--- START ---

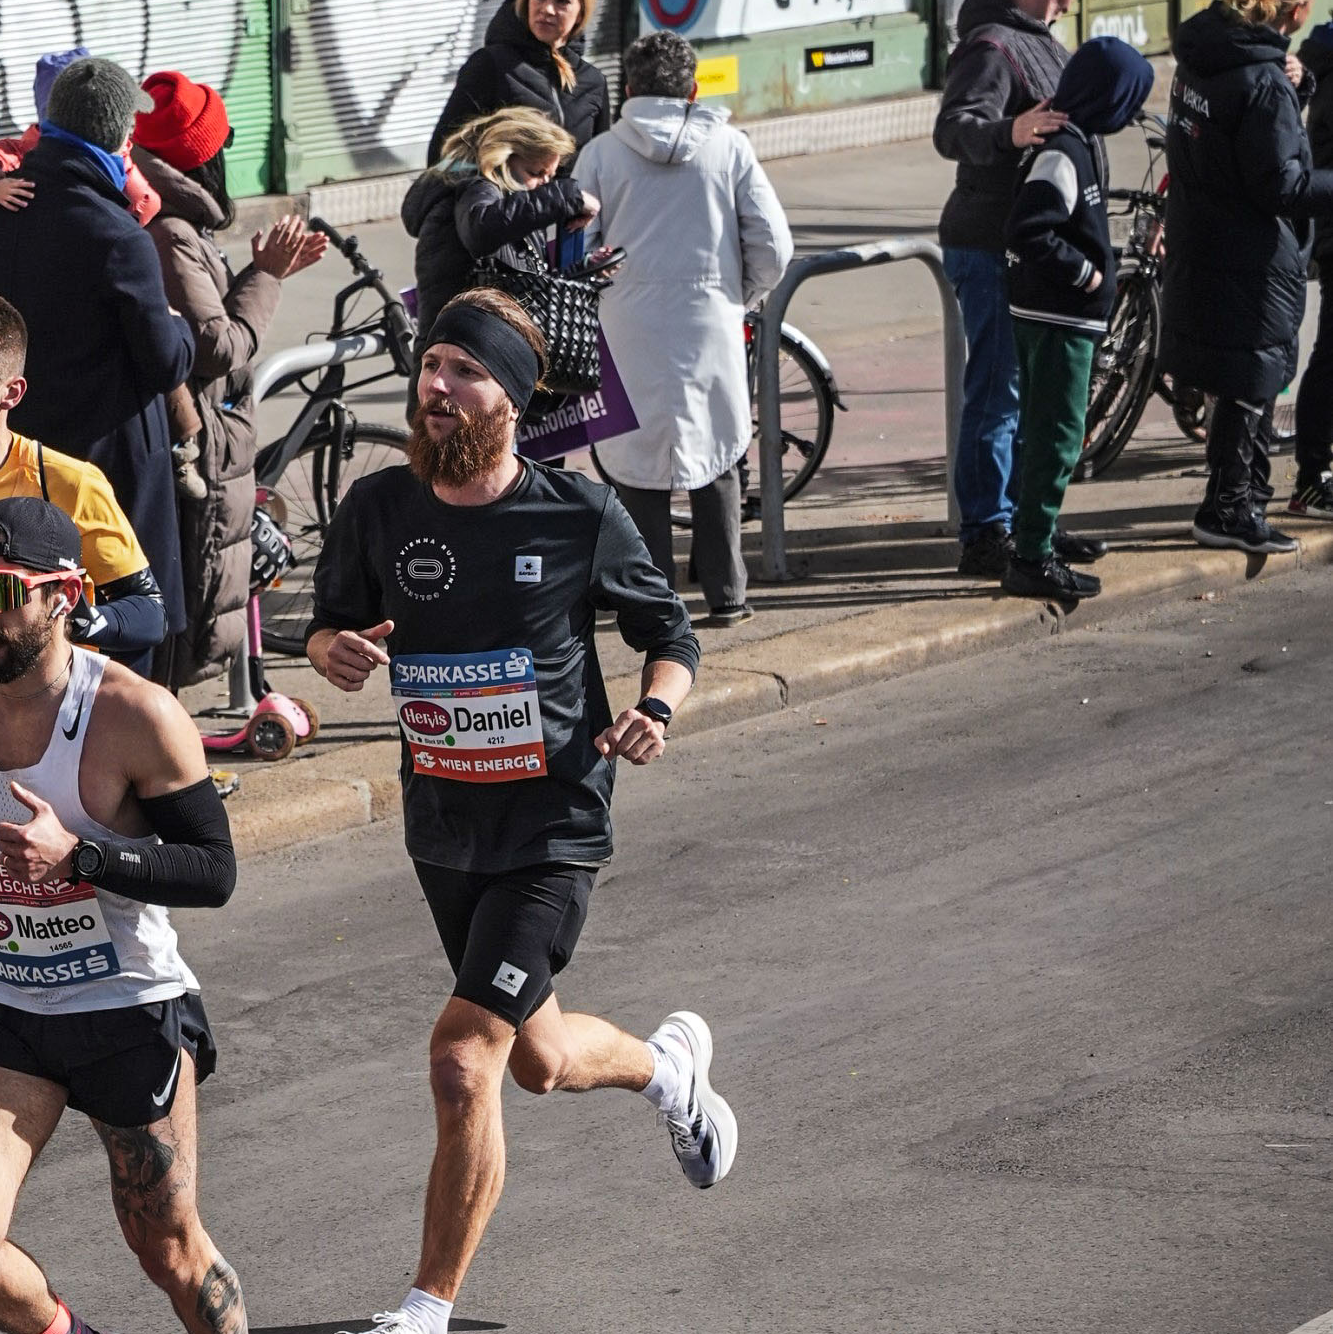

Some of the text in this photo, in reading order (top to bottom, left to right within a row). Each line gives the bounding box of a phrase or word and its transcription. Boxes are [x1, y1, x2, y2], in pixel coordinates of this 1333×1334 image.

[399, 537, 435, 556] VIENNA
[400, 662, 503, 683] SPARKASSE
[403, 701, 532, 733] Hervis Daniel
[487, 735, 505, 745] 4212
[438, 756, 472, 772] WIEN
[15, 914, 96, 941] Matteo
[49, 940, 74, 953] 14565

--- END ---

What you need to do | Reproduce every line above exactly, pictures excluded.

Task response |
Some of the text in this photo, in reading order (top to bottom, left to right within a row). Each line gives the bounding box of a phrase or word and its transcription. Boxes are [x1, y1, x2, y2], in pixel coordinates of this 1333×1334 image.

[399, 537, 435, 556] VIENNA
[400, 662, 503, 683] SPARKASSE
[403, 701, 532, 733] Hervis Daniel
[487, 735, 505, 745] 4212
[438, 756, 472, 772] WIEN
[15, 914, 96, 941] Matteo
[49, 940, 74, 953] 14565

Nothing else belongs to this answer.